Exercise - All records below are to be repeated exactly, with the pictures left out.

Source material Block Start

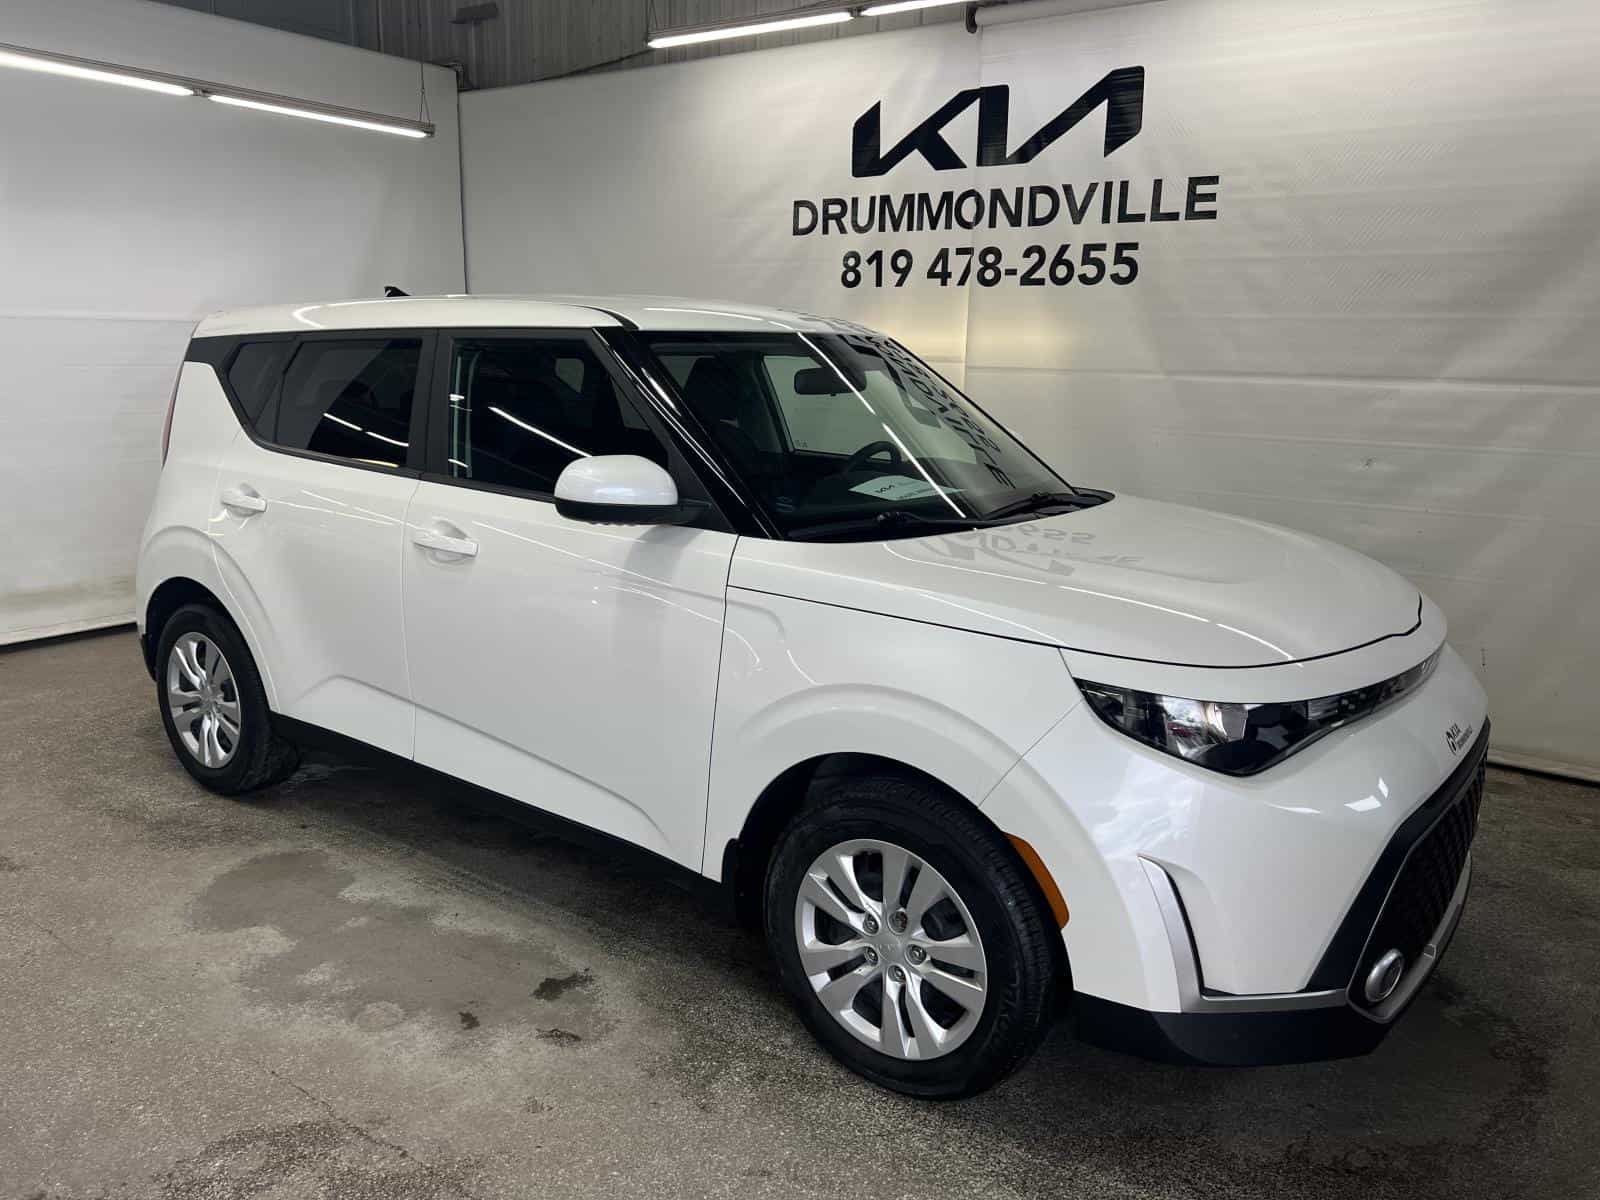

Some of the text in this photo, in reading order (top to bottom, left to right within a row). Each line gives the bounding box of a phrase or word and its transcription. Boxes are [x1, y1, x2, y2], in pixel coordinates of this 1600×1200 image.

[851, 65, 1145, 178] KIA
[792, 175, 1220, 236] DRUMMONDVILLE
[840, 241, 1140, 288] 819 478-2655
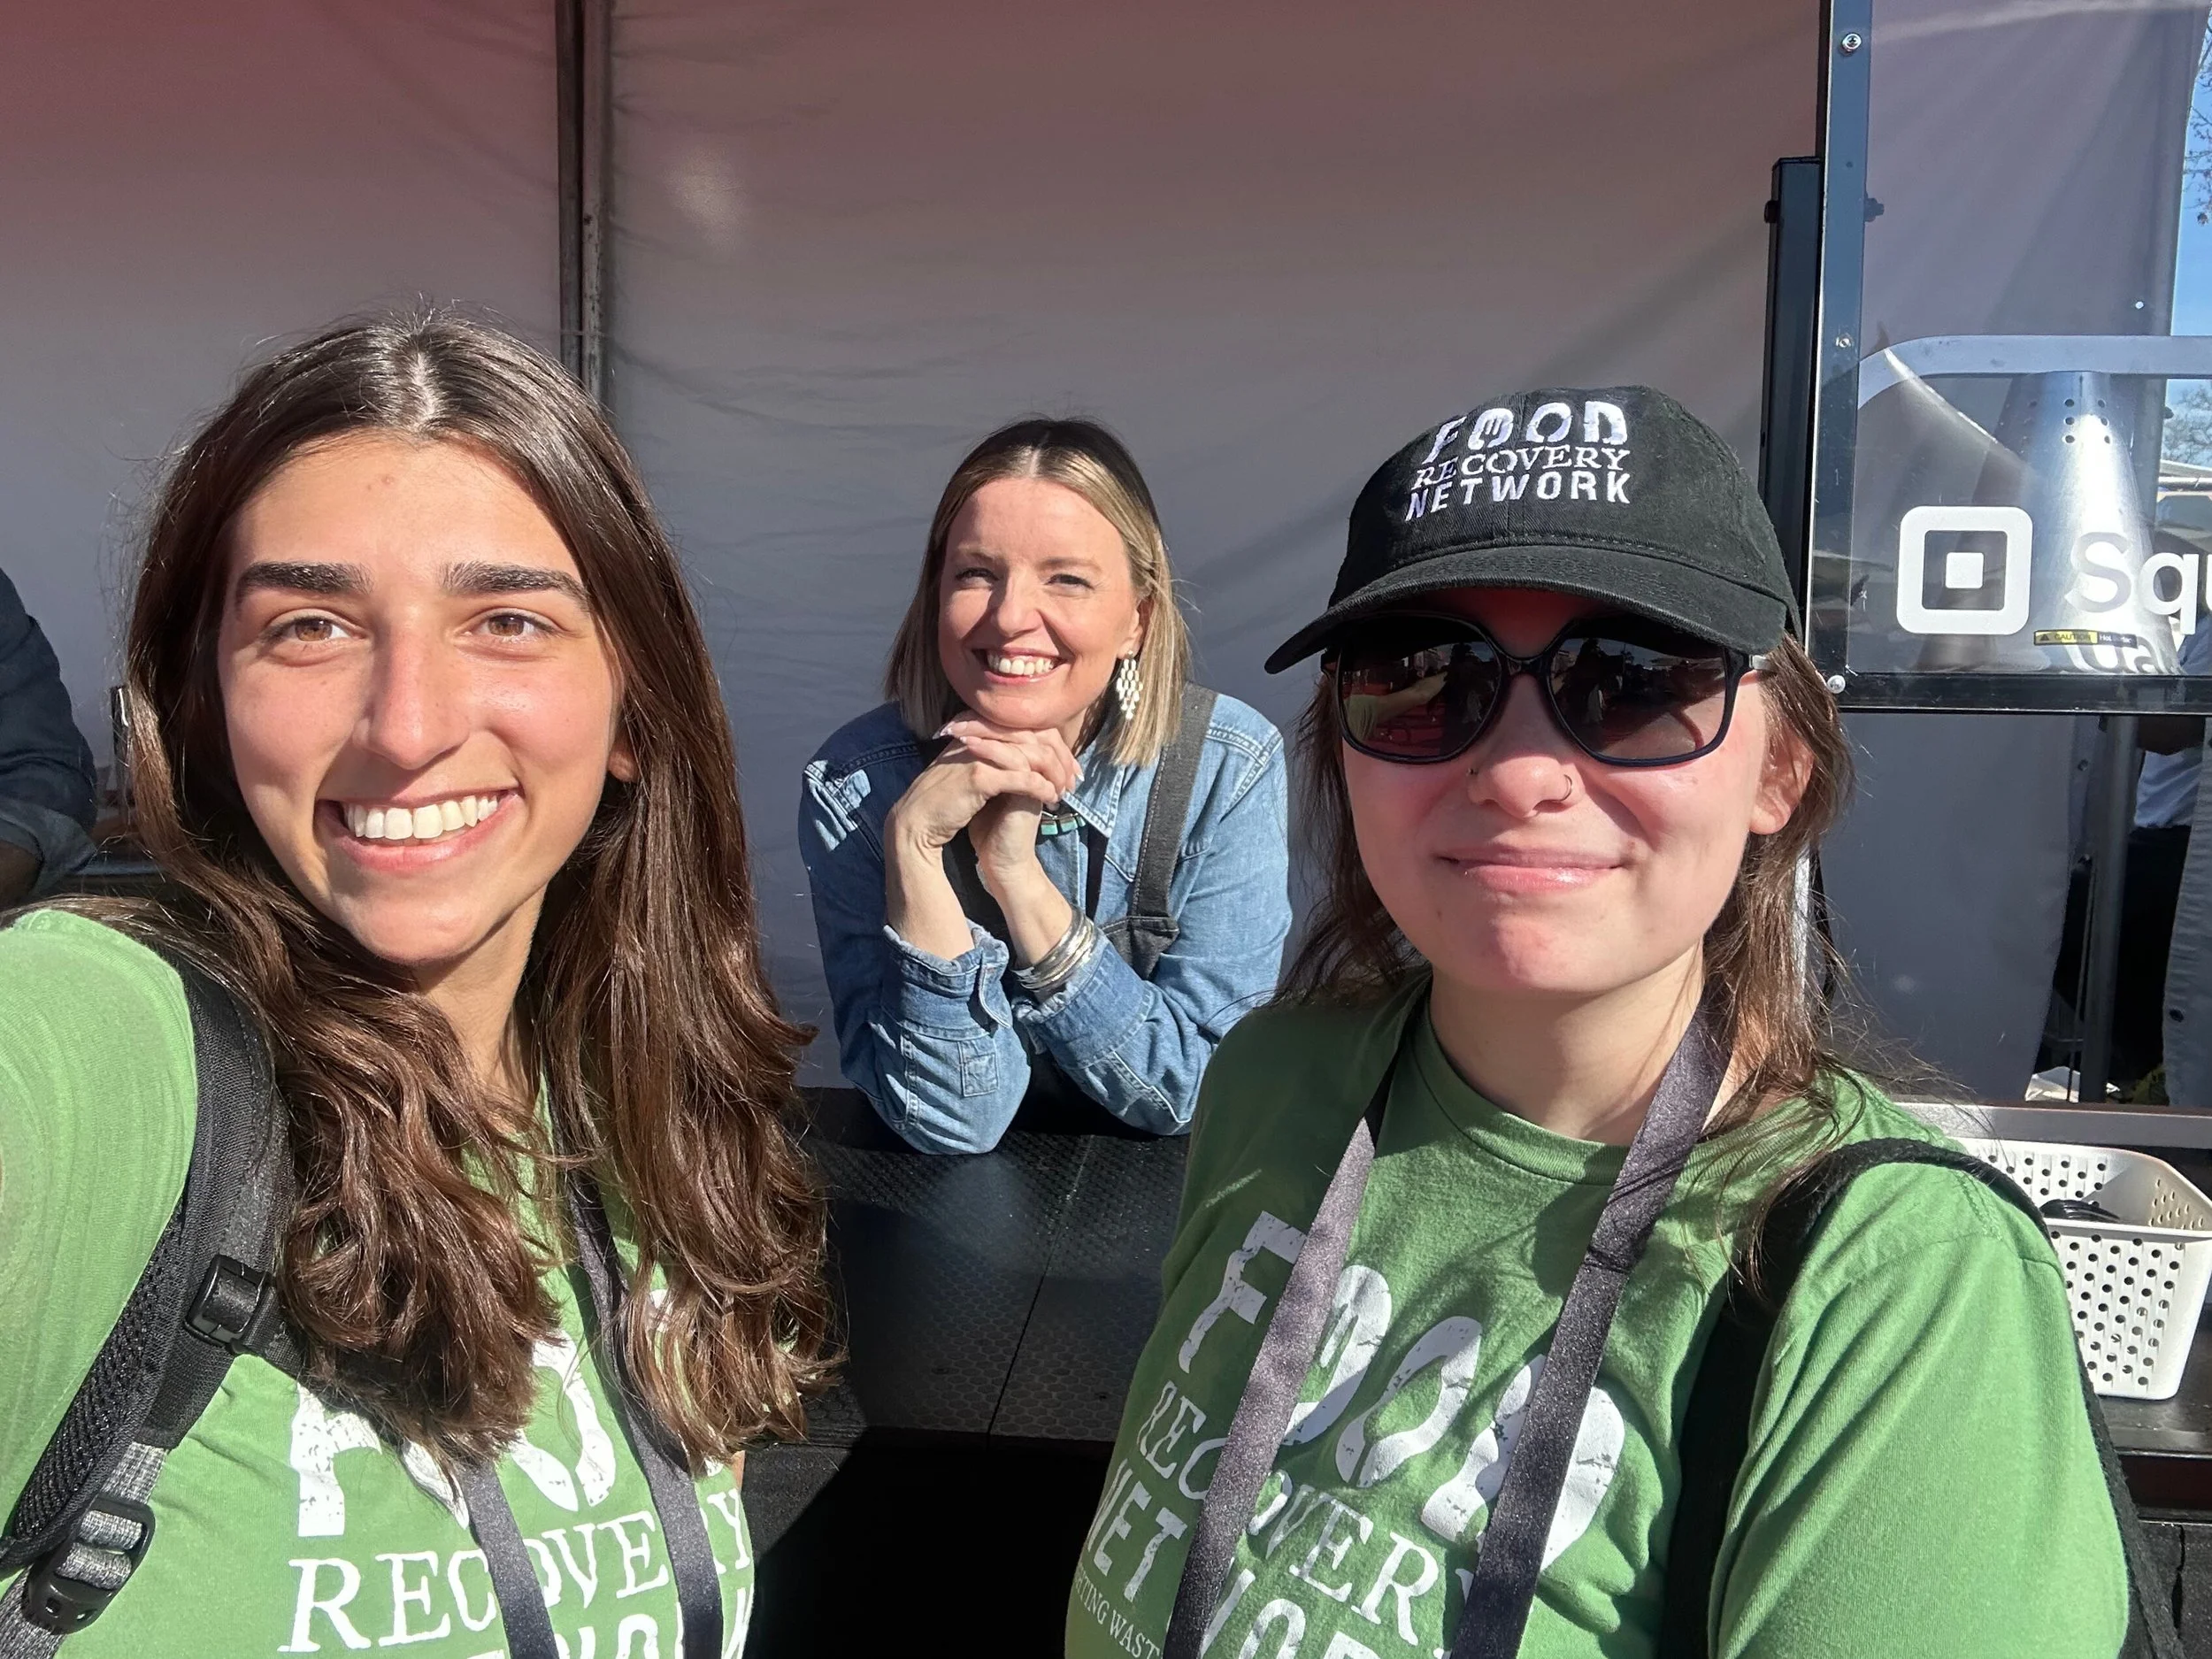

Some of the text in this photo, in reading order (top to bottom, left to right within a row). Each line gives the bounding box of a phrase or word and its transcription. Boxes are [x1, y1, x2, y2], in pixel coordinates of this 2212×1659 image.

[1422, 400, 1628, 465] FOOD
[1410, 444, 1631, 491] RECOVERY
[1404, 470, 1631, 522] NETWORK
[2064, 531, 2212, 635] Sq
[2054, 633, 2091, 642] CAUTION
[276, 1487, 751, 1654] RECOVEY
[1110, 1609, 1164, 1659] WAST

Source material Block End

Result for this task -
Some of the text in this photo, in reading order (top to bottom, left to right within a row). Each line gives the bounding box of a phrase or word and its transcription. Boxes are [x1, y1, x2, y2], in pixel coordinates of this 1600×1200 image.

[851, 65, 1145, 178] KIA
[792, 175, 1220, 236] DRUMMONDVILLE
[840, 241, 1140, 288] 819 478-2655

Some of the text in this photo, in reading order (top to bottom, left to right within a row). Each line gives the bounding box of a phrase or word and its transcription. Boxes are [x1, y1, x2, y2], in pixel coordinates of this 2212×1659 image.

[1422, 400, 1628, 465] FOOD
[1410, 444, 1631, 491] RECOVERY
[1404, 470, 1631, 522] NETWORK
[2064, 531, 2212, 635] Sq
[2054, 633, 2091, 642] CAUTION
[276, 1487, 751, 1654] RECOVEY
[1110, 1609, 1164, 1659] WAST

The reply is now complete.